Avv. Laura Bazzan - Con la sentenza n. 9975/2016, la Corte di Cassazione è tornata a pronunciarsi in tema di compensi dovuti agli avvocati enucleando due importanti principi. Ricorrendo avverso un decreto ingiuntivo per il pagamento dei compensi professionali emesso in favore dell'avvocato che la aveva assistita in occasione di un procedimento giudiziale, una società contestava la correttezza dello scaglione tariffario seguito dall'ingiungente per la determinazione dei compensi pretesi, lamentandone la corrispondenza al valore effettivo della controversia, e l'effettiva debenza della voce tariffaria "ricerca documenti", avendo la stessa provveduto a consegnare tutti gli incartamenti rilevanti all'avvocato.

Nel confermare la propria costante giurisprudenza, secondo cui in caso di cumulo tra domande di valore determinato e domande di valore indeterminabile la causa va complessivamente ritenuta di valore indeterminabile, la Cassazione ha avuto modo di precisare come "tale principio debba essere correttamente applicato solo nel caso in cui, tenuto conto del valore della controversia scaturente dalla domanda di carattere determinato, l'applicazione dello scaglione tariffario previsto per le cause di valore indeterminabile, consenta il riconoscimento di compensi maggiori rispetto a quelli che deriverebbero facendo applicazione dello scaglione applicabile in ragione del valore determinato". In altre parole, lo scaglione previsto per le cause di valore indeterminabile va applicato solo se più favorevole per il professionista rispetto all'applicazione dello scaglione previsto sulla base del valore effettivo della controversia.
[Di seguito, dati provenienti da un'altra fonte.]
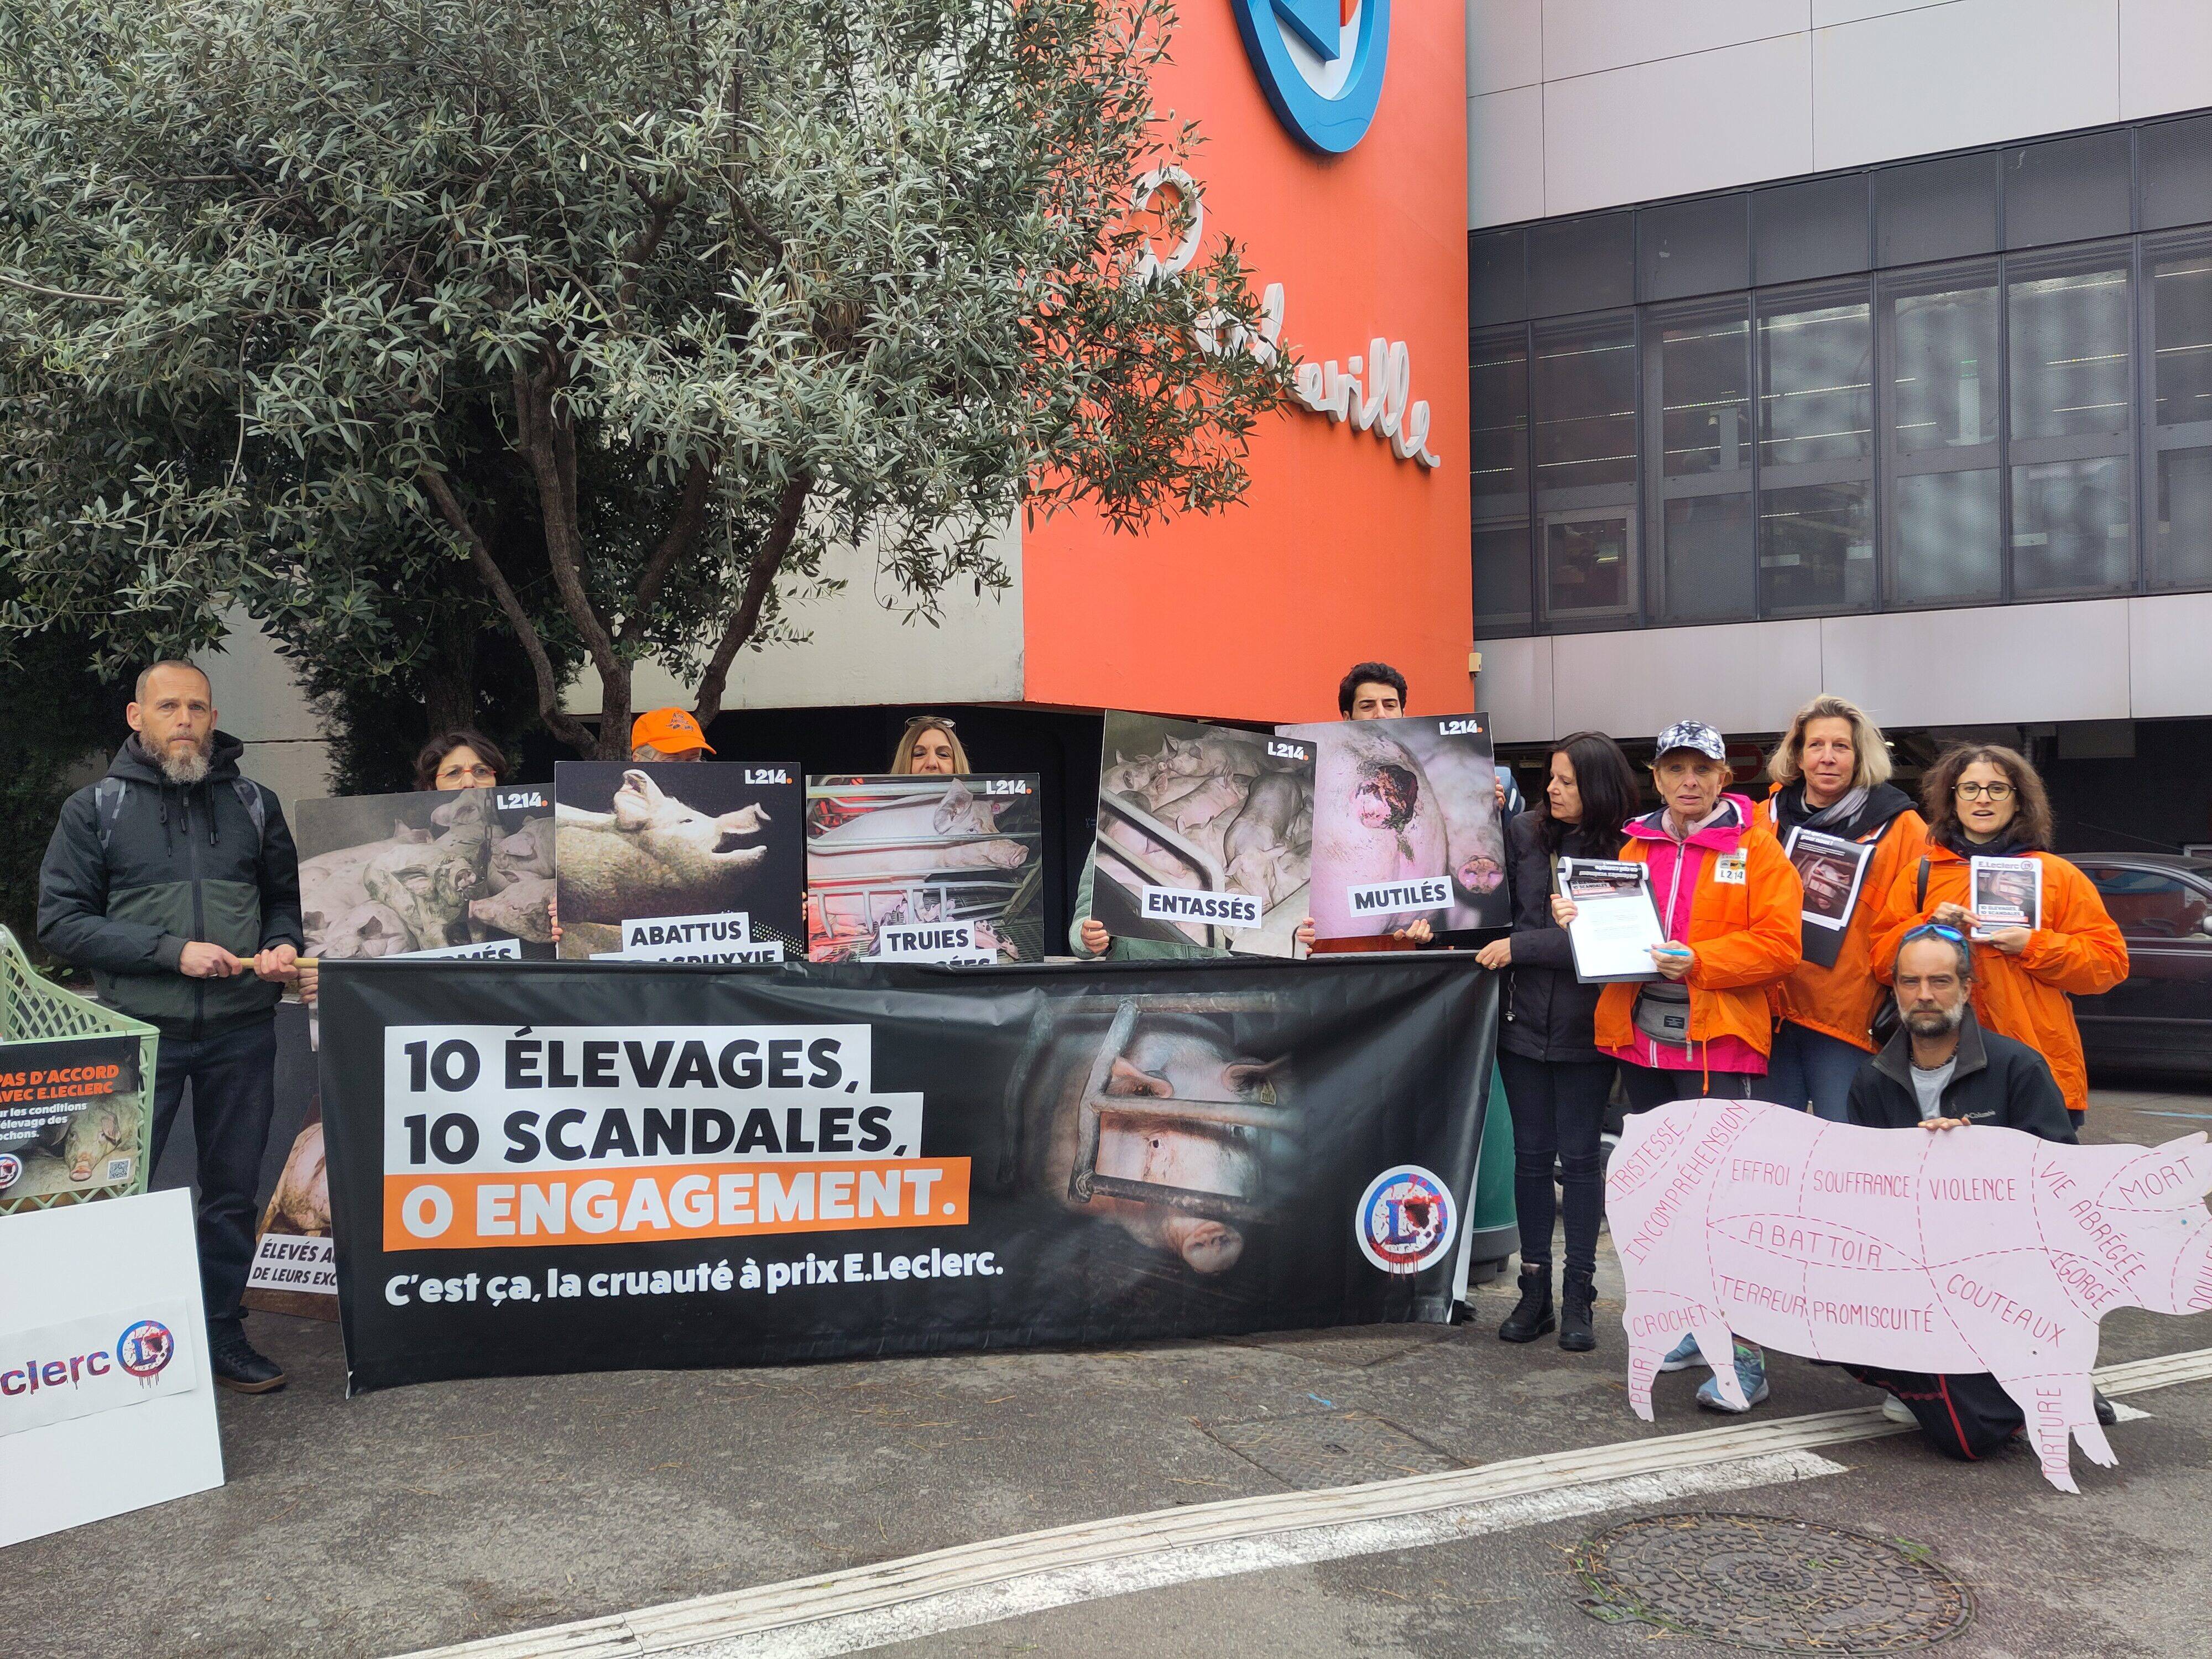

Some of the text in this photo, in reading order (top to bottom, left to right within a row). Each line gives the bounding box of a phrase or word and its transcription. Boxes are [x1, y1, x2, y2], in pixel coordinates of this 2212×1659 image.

In caso contrario, ovvero in caso di applicazione indiscriminata del criterio di liquidazione previsto per le controversie di valore indeterminabile, si perverrebbe alla paradossale conclusione che l'attività professionale più complessa, nella quale le difese riguardano sia la domanda di valore determinato che quella di valore indeterminabile, verrebbe liquidata sulla base di criteri riduttivi rispetto a quelli previsti per la causa di valore determinato.

Con preciso riferimento alla censura mossa alla previsione tariffaria della ricerca dei documenti, la Cassazione ha escluso che questa debba essere limitata alla sola attività personale intrapresa del professionista richiamando il proprio affermato orientamento secondo cui "in tema di onorari di avvocato e procuratore la ricerca di documenti costituisce una prestazione di ordine intellettuale che non va confusa con l'attività meramente materiale mediante la quale siano messi a disposizione del professionista i documenti da questi indicati". Poiché si tratta di attività espletata tra l'attività di studio della controversa e quella relativa alla consultazione con il cliente, normalmente seguita dalla preparazione e redazione dell'atto introduttivo del giudizio, non assume alcuna rilevanza la distinzione tra documenti forniti dal cliente e documenti reperiti autonomamente da parte del professionista. Invero, "l'impegno intellettuale del professionista nello stabilire l'eventuale rilevanza di documenti in vista della redazione dell'atto processuale introduttivo del giudizio, prescinde del tutto dalle modalità attraverso le quali sia venuto in possesso dei documenti stessi".